In his amended complaint, Passamano alleged that the agreement was in effect a contract of insurance; that with regard to such contract the defendants are in effect the insurer and he, Passamano, is the named insured; and that the defendants violated section 10-4-609(1) by failing to offer him uninsured motorist coverage. Passamano also alleged that Travelers was the insurer of North-West for the risk covered by the liability insurance provided to Passamano by the agreement; that North-West's rejection of uninsured motorist coverage under the Travelers policy violated public policy and the legislative intent in adopting section 10-4-609(1); that the agreement is unconscionable because it fails to state that North-West had rejected uninsured motorist coverage and because under the circumstances, including the format of the agreement and the conduct of North-West's agents, Passamano was not given a meaningful opportunity to read the entire agreement; and that the respondents' conduct was unconscionable in failing to offer Passamano an opportunity to purchase uninsured motorist coverage.

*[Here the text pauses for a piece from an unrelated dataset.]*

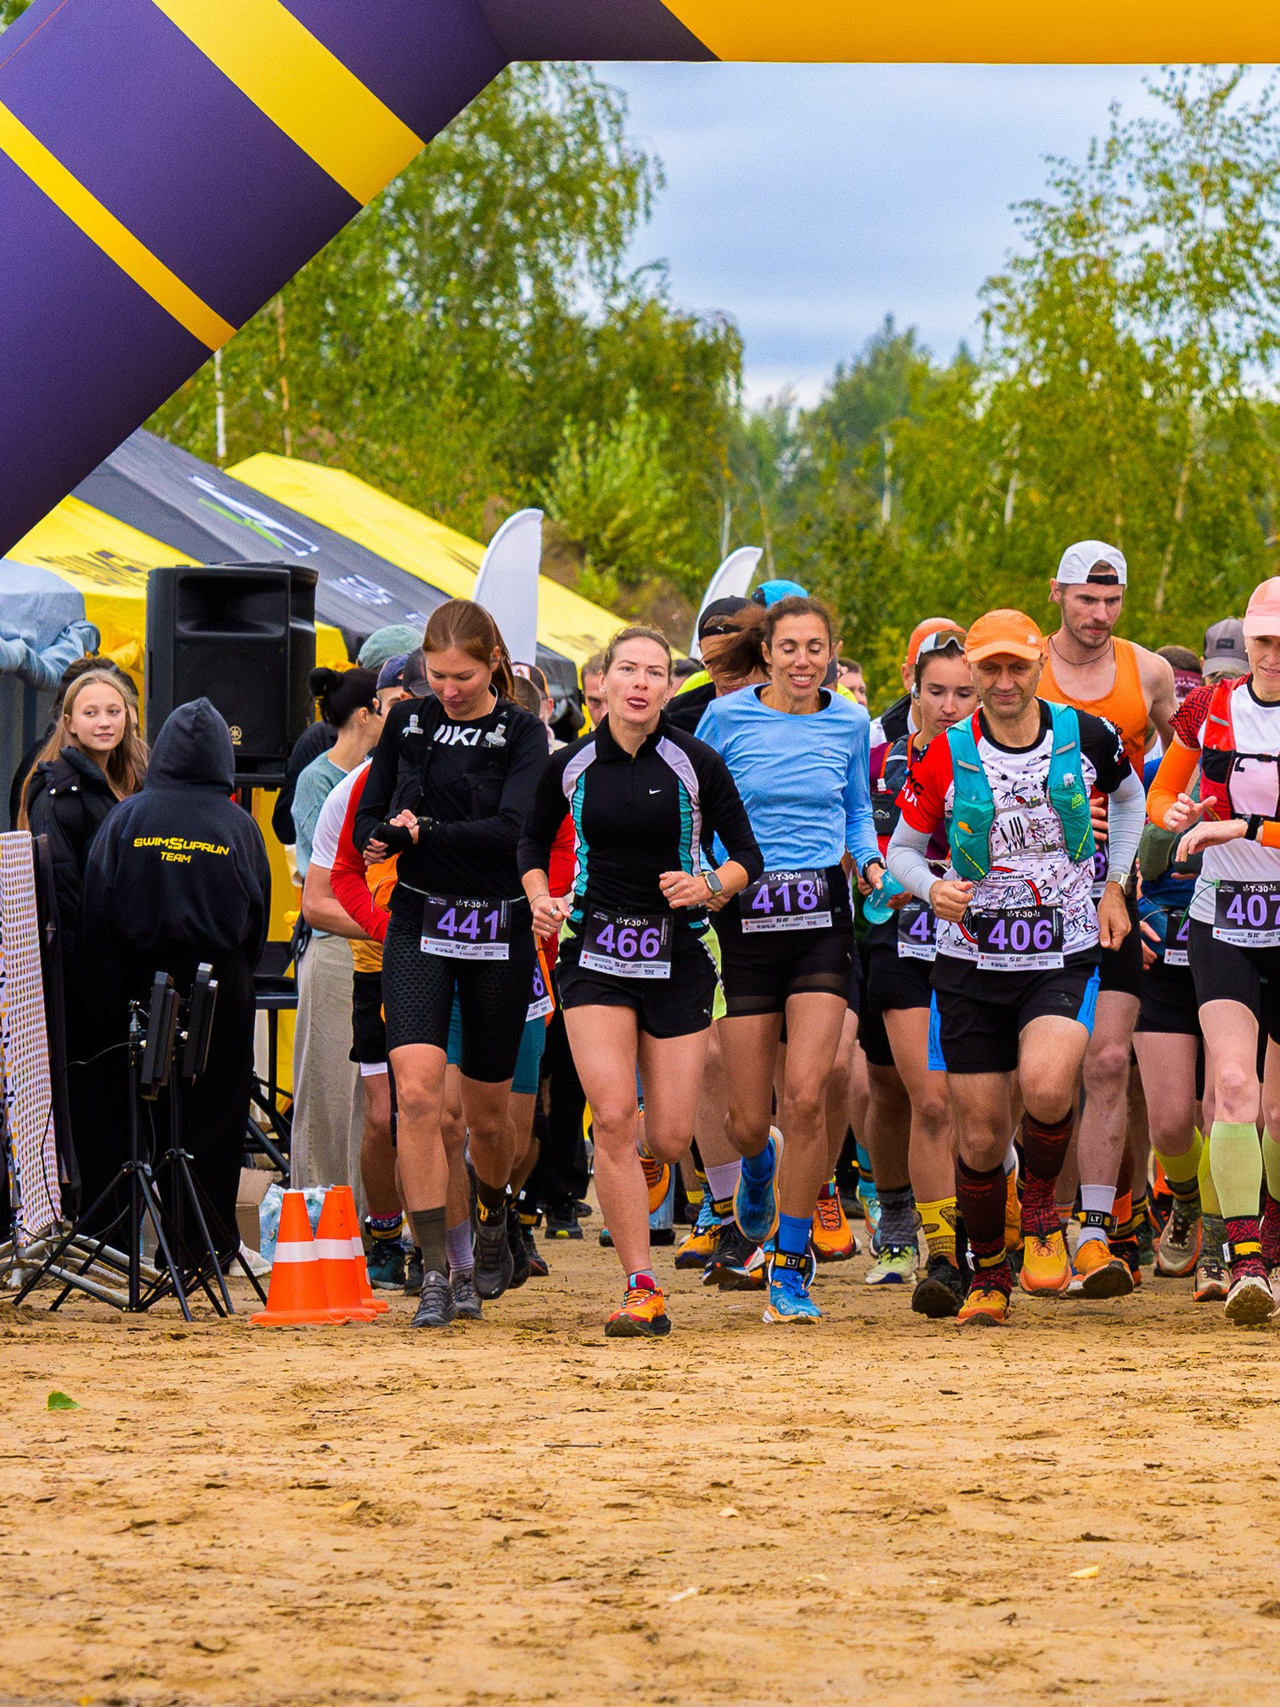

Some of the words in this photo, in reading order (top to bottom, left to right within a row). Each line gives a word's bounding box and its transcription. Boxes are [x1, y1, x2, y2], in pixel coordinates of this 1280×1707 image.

The defendants filed a motion for summary judgment. They argued that because North-West was the named insured under the contract of insurance executed by North-West and Travelers, only North-West had authority under section 10-4-609(1) to reject uninsured motorist coverage. The defendants also argued that the agreement between North-West and Passamano does not constitute a contract of insurance and that Colorado does not require a rental car agency to provide uninsured motorist coverage to its customers.

The trial court granted defendant's motion for summary judgment. Relying on this court's decision in Davis v. M.L.G. Corporation 712 P.2d 985 (Colo.1986), the trial court determined that the agreement between Passamano and North-West is a bailment contract, not a contract of insurance. The trial court also determined that under the insurance policy issued to North-West by Travelers, North-West is the named insured and Passamano is an additional insured. The trial court concluded that Passamano had no authority to acquire or reject uninsured motorist coverage, and further concluded that the conduct of North-West and the terms and format of the rental agreement were not unconscionable.

On appeal, the court of appeals affirmed the trial court's summary judgment. The court of appeals concluded that in general an agreement for the lease of a vehicle from a car rental agency creates a bailment contract for the mutual benefit of the parties and that the language of the agreement executed by Passamano demonstrates that the agreement did not constitute a contract of insurance. Passamano, 835 P.2d at 515-16. The court of appeals agreed with the trial court that North-West was the named insured for purposes of the requirements of section 10-4-609(1) and that the rental agreement was not unconscionable.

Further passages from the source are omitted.